I guess I could try a 4 inch piece of PVC and put the 1 1/4 inch hose into it and close it up with duct tape that that's a big gap I'd think?

Thanks!



Fred Hargis said:


> This thing would probably work, but don't be surprised if you are disappointed with the performance. Another option wold be to peruse the PVC section of the local box store and find something that's close. Then a little duct tape and you're set.


----------



## Dave Paine (May 30, 2012)

Eric, it is possible to reduce down from 4in to 1 1/4in, but I expect the end result will not remove as much dust as you expect. The reason is the small airflow from a shop vac with 1 1/4in hose.

You may need to purchase two reducers. A 4 in to 2 1/2in and then a 2 1/2in to 1 1/4in.

If you do want to try reducing, make your own from a piece of 3/4in plywood or MDF. Cut a 4 in circle on the bandsaw, then sand to fit the inside of the port.

Then drill a hole for the hose. Likely not to match exactly any drill you have so drill smaller, enlarge with a jig saw or coping saw and finish with a drum sander.

I just made a similar reducer for the inlet of my dust collector. In my case 5 7/8in for the inside of the dust collector inlet and a bit less than 4in for the black 90 deg elbow. I drew around the fitting so did not measure exactly. Both the adapter and the elbow and now a tight fit.

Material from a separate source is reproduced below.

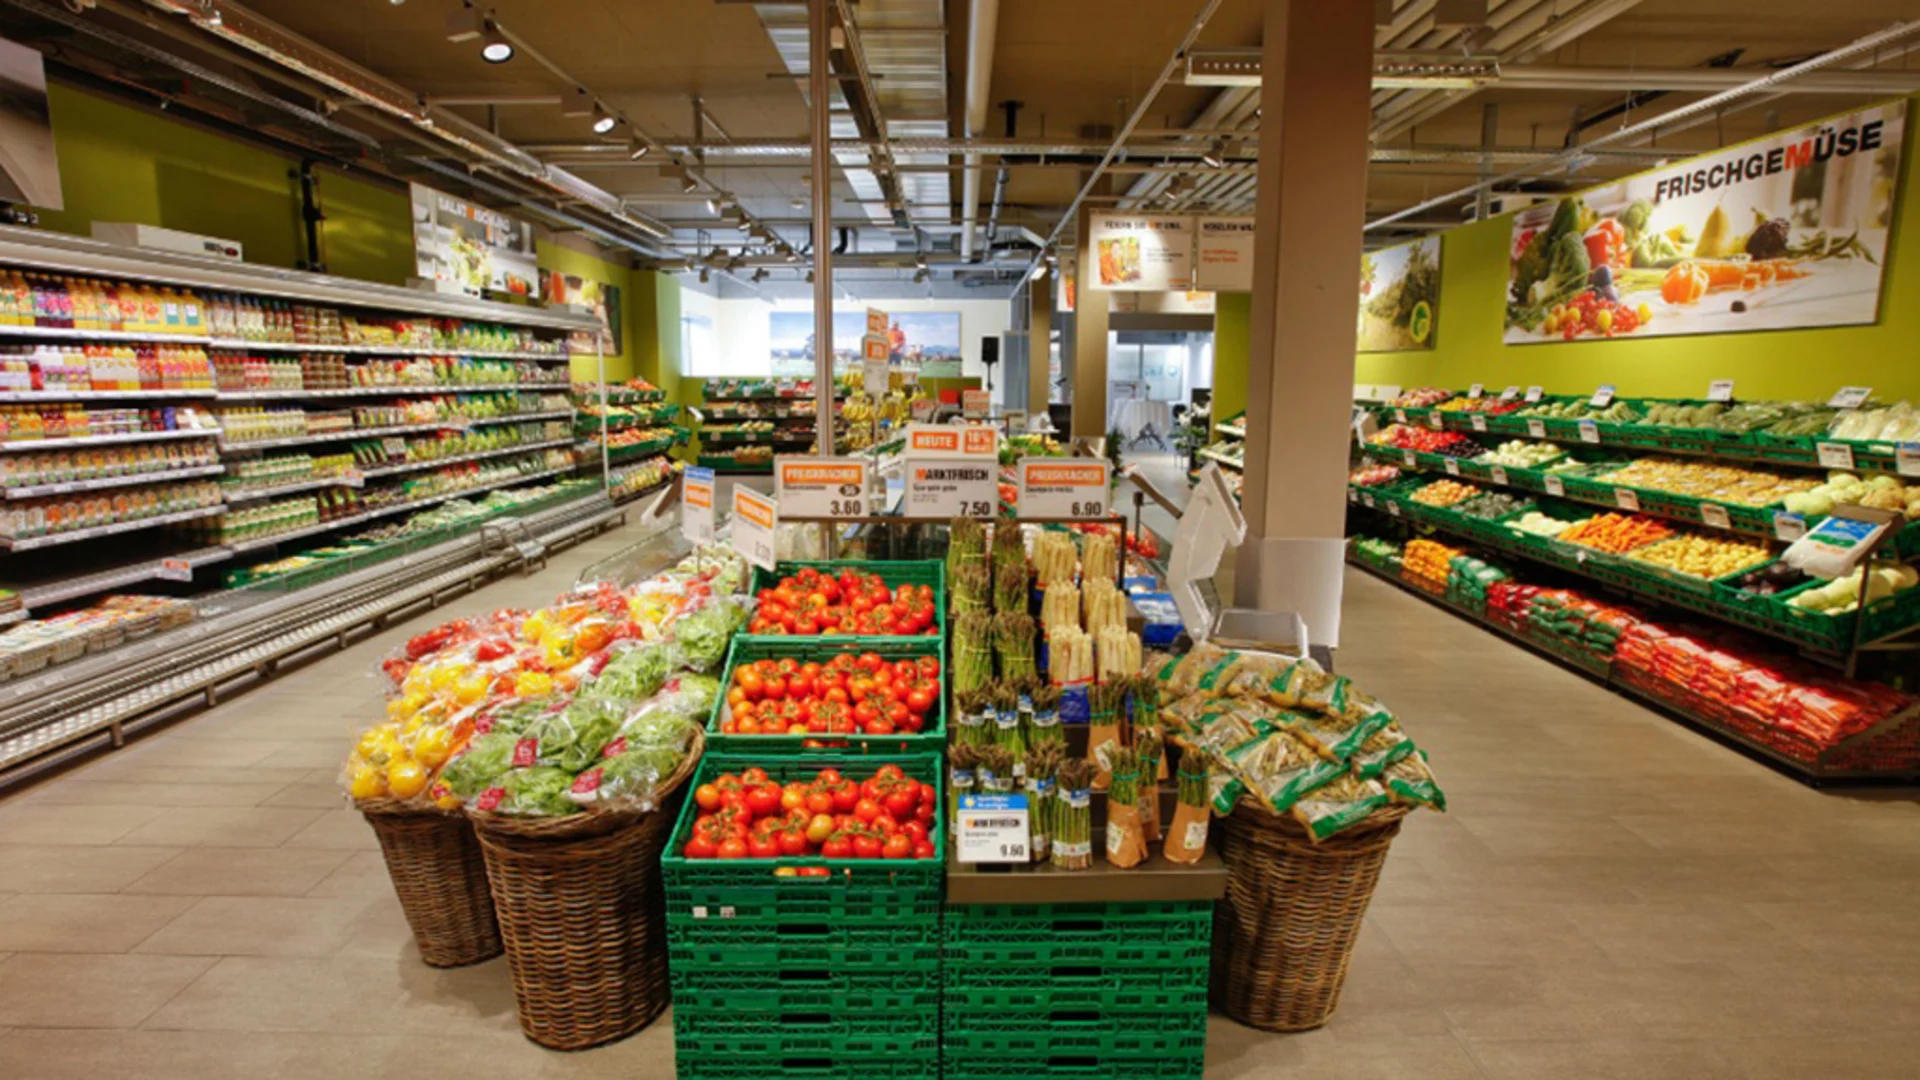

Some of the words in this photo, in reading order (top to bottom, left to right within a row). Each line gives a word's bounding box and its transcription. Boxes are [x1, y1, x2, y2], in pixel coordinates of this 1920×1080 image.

[1655, 120, 1883, 204] FRISCHGEMÜSE
[830, 500, 861, 515] 3.60
[959, 501, 991, 516] 7.50

You may get better performance by making some jig to mount the 1 1/4in hose directly under the table next to the lower bearing/guides. The closer you can get the hole to the blade, the better your performance with the present shop vac.

The reason for the 4in port is the fact that the inside of the bandsaw has a lot of volume. This means a large airflow is needed, and a 4in port offers lower pressure drop for the airflow intended.


----------



## woodnthings (Jan 24, 2009)

*this will get you closer*

http://www.woodcraft.com/Product/2000899/2160/4-to-212-Reducer-Dust-Extraction-Fitting.aspx
then use this:
http://www.woodcraft.com/product/2001668/746/112-to-214-adaptor.aspx


----------



## Fred Hargis (Apr 28, 2012)

ericc22 said:


> Thanks Fred for the response.
> 
> The problem with that item is that it only goes to a 2 1/2 inch port, and my bandsaw has a 4 inch port. I'd have to get a 2nd adaptor to get to a big enough size. I have yet to find one adaptor that goes from the 1 1/4 inches of my Shop Vac to the 4 inch port of my bandsaw.
> 
> ...


You don;'t want to go from 4" o 1.24" with tape. But there are fittings that go from 4" to 2 1/4" (Woodcraft), then tape it down to 1.25". Will your vac take a 2 1/2" hose?


----------



## ericc22 (May 10, 2012)

Fred Hargis said:


> You don;'t want to go from 4" o 1.24" with tape. But there are fittings that go from 4" to 2 1/4" (Woodcraft), then tape it down to 1.25". Will your vac take a 2 1/2" hose?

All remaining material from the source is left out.